Then Arthur touched the hilt of Excalibur. “Now, Merlin,” said he, “if with this sword we are indeed invincible, would it not be unjust to do battle against a man armed with only a conventional weapon?”
“Not when it is he who seeks you out!” said Merlin with vehemence. “You do not yearn to decorate your mantle with his beard. Tis never justice, but rather sentimentality, to deal mildly with intruders. Magnanimity is properly shown only to the defeated. As to Ryons, you require only that he let you alone.”
“Methinks,” said the young Arthur, “that merely to be a British king doth attract envy.”
And so they returned to the castle, and King Arthur sent to King Ryons an envoy with a message to the effect that he would never give him his beard nor allow him to take it without great resistance, and that if he tried to take it by force he would certainly fail and lose his own head into the bargain.
Now when King Ryons received this message he believed it a great impudence and he waxed wroth and did assemble a mighty host, with the which he embarked in a fleet of many ships and crossed the Irish Sea and, invading Wales, did arrive before Caerleon, where he drew up his army in array.
“Well, Merlin,” said King Arthur looking from the castle onto the vast field of lances and pennons that extended to the distant horizon, “Ryons was not dissuaded from his emprise, and here he has come to meet his death.”
“In furnishing which to him you must not feel regretful,” said Merlin. “The old Greek Stoics accepted passively the imposition of a greater power than their own, and that was wisdom in their situation. But a puissant king must be as stoical, and as wise, in exerting such power as he possesses—when such exertion is necessary.”
So King Arthur girt himself with Excalibur and taking up his lance Ron, he mounted his horse Aubagu, and ordering the drawbridge lowered, he proceeded at a deliberate walk to where King Ryons sat on his caparisoned charger before the vast army.
And coming to his adversary Arthur said, “You are Ireland, my lord?”
“Varlet, I am indeed,” said Ryons, who was an huge man with a great ginger-colored beard which projected from the opened visor of his helm, and his great horse was half again as tall as Aubagu. “Go and tell thy king I am come to take his head and, having that, his lands as well.”
“We,” Arthur said quietly, “are the king of all Britain.”
Ryons did stare at him awhile, and then he said in wonder, “Thou art but an infant.
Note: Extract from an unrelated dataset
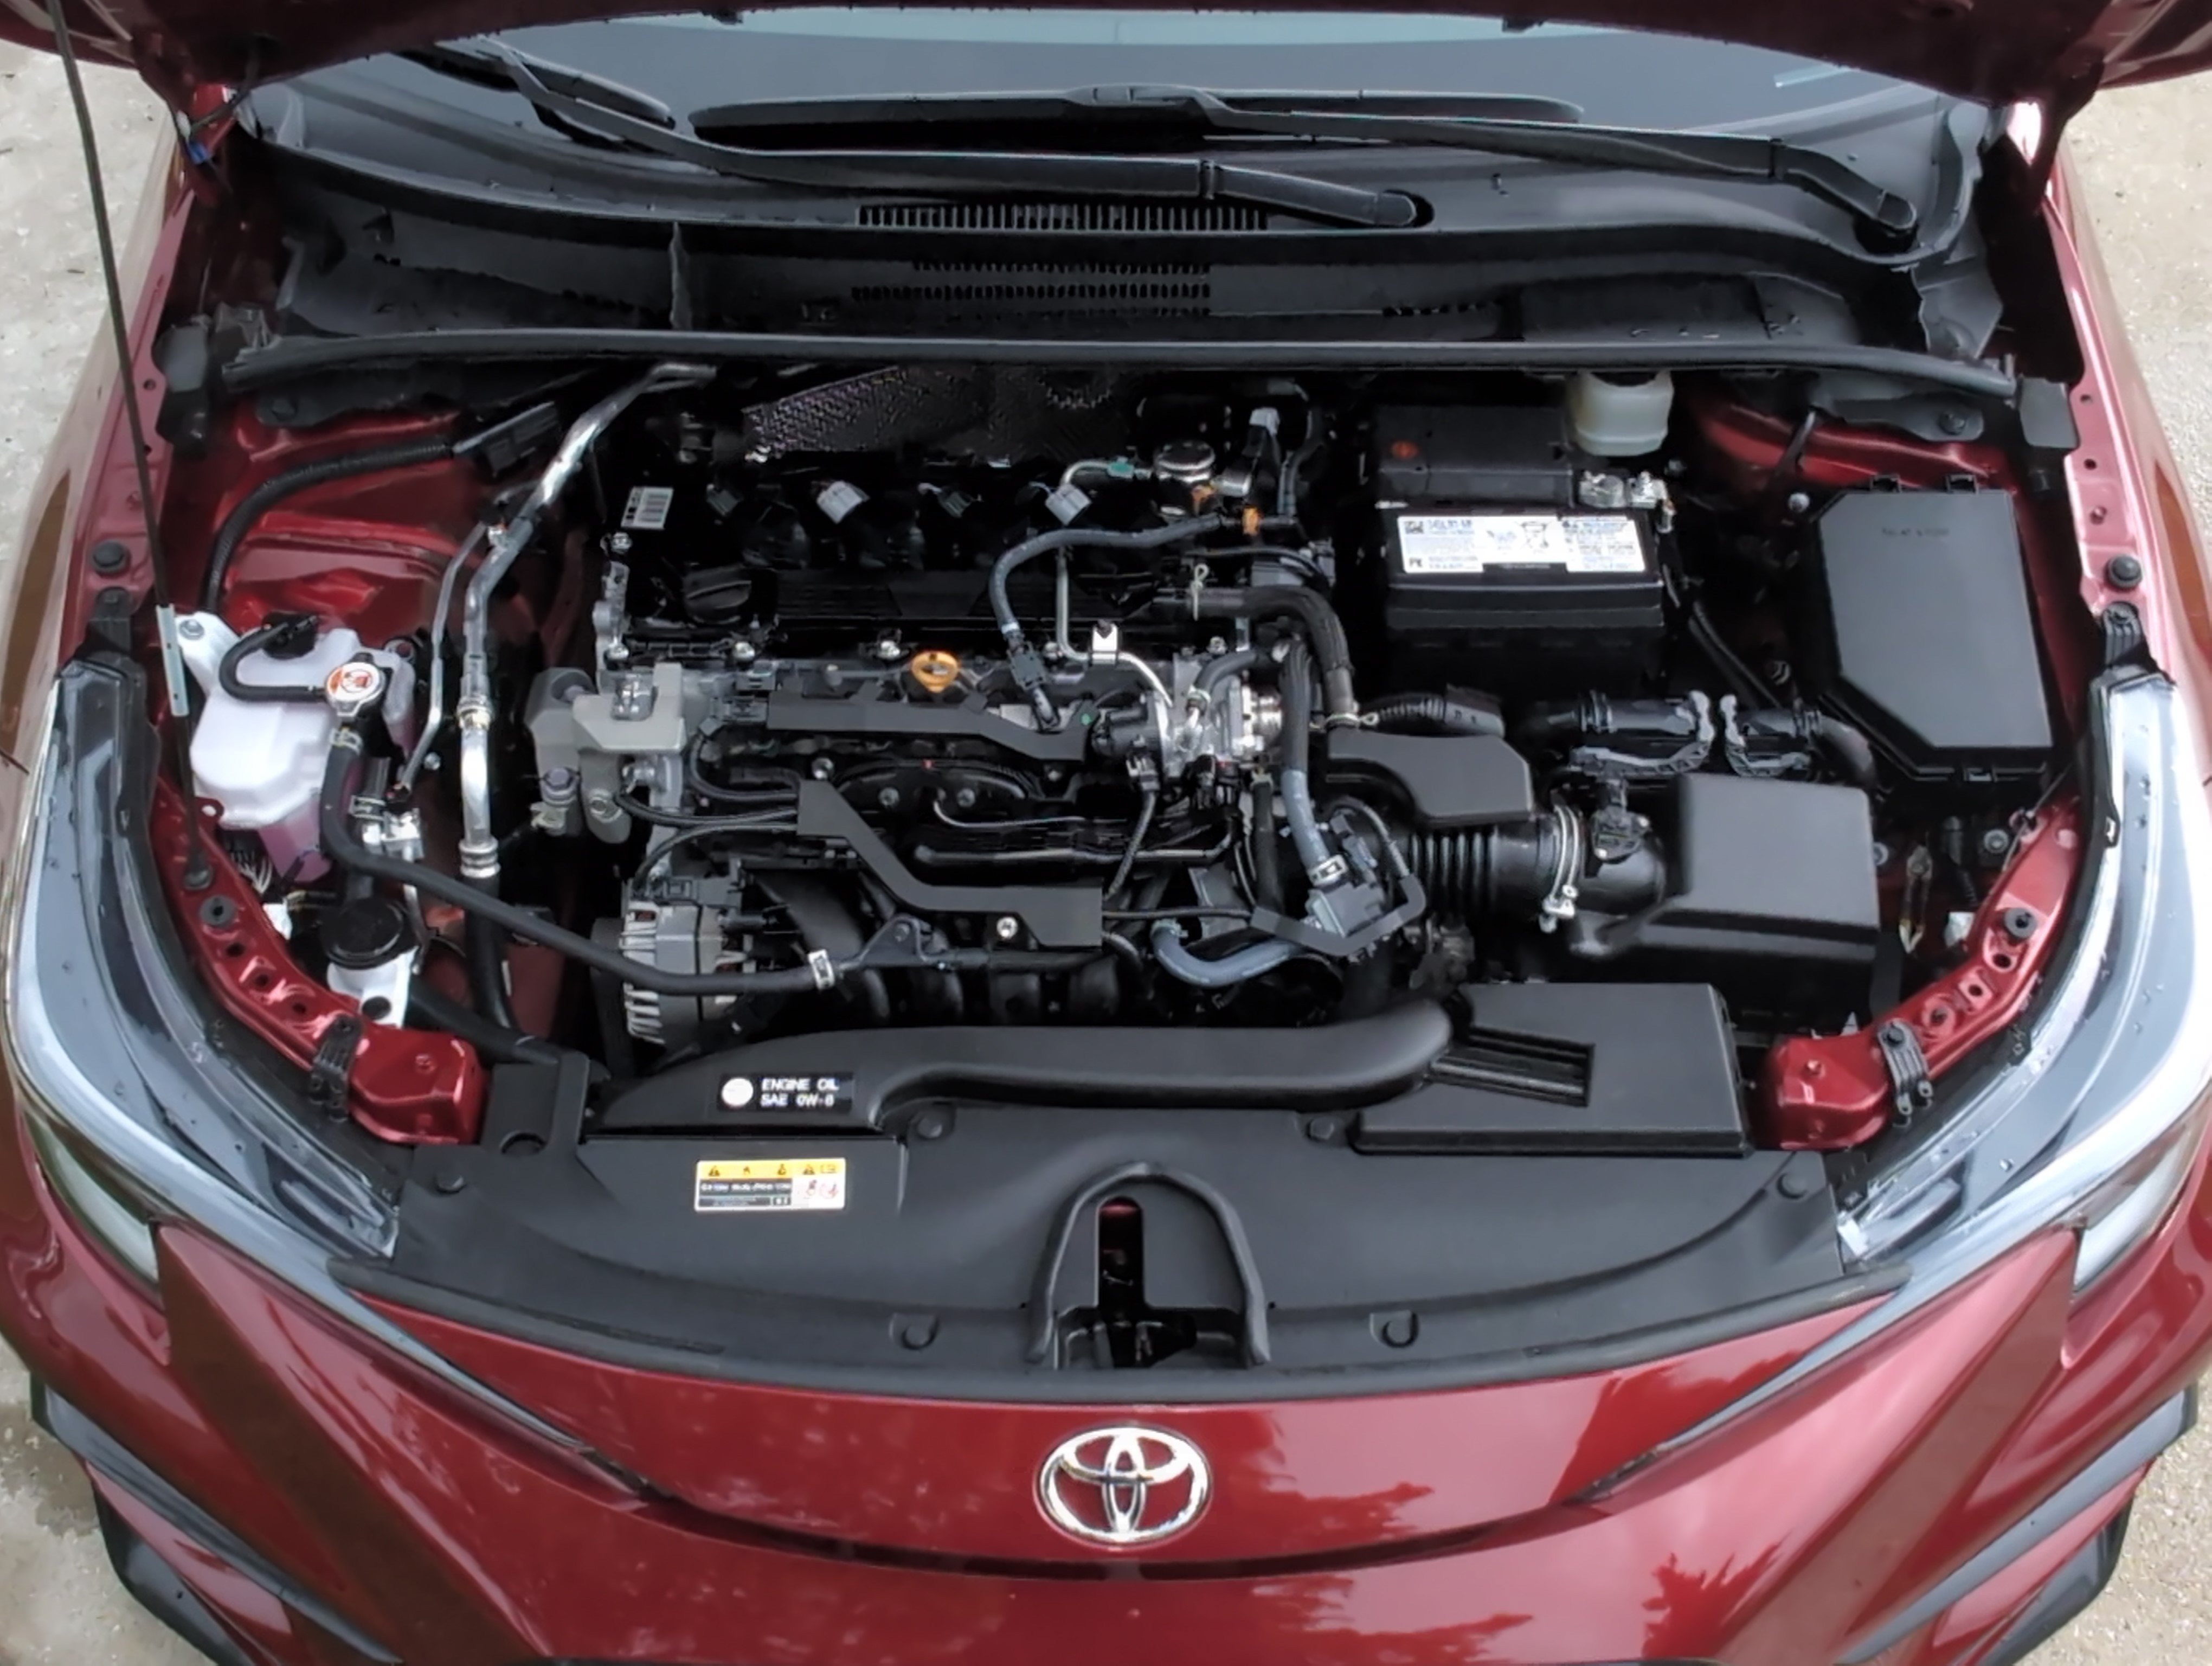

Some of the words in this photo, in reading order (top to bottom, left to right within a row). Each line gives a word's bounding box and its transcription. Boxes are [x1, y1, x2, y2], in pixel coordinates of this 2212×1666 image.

[762, 1077, 810, 1091] ENGINE
[817, 1077, 839, 1091] OIL
[760, 1093, 788, 1107] SAE
I came to beard a man.” He shrugged within his armor, making his breastplate creak on its straps. “Well, boy, give me thy fealty and I shall do thee no harm.”
“To you,” said Arthur, “we extend the same offer, my lord. But had you stayed where you belong, we should not have asked even that. Of your own volition you came here as invader: you shall leave as vassal or corse.”
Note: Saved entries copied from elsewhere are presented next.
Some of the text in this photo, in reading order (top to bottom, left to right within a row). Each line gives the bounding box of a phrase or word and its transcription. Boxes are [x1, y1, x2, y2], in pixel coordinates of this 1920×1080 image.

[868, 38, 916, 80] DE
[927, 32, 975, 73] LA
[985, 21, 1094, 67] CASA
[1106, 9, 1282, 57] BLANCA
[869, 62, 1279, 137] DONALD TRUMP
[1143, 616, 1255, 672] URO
Now King Ryons ground his teeth in ire. “Insolent boy! I have overwhelmed seven kings, and in homage to me they did flay their beards and give them me. Dost think a beardless varlet might defy me and keep his head? Defend thyself!”
Saying the which he threw closed his visor and pricking his steed galloped to a distance across the field, turned, and with lowered lance charged upon King Arthur. Therefore Arthur closed his own helm and gave the spur to Aubagu.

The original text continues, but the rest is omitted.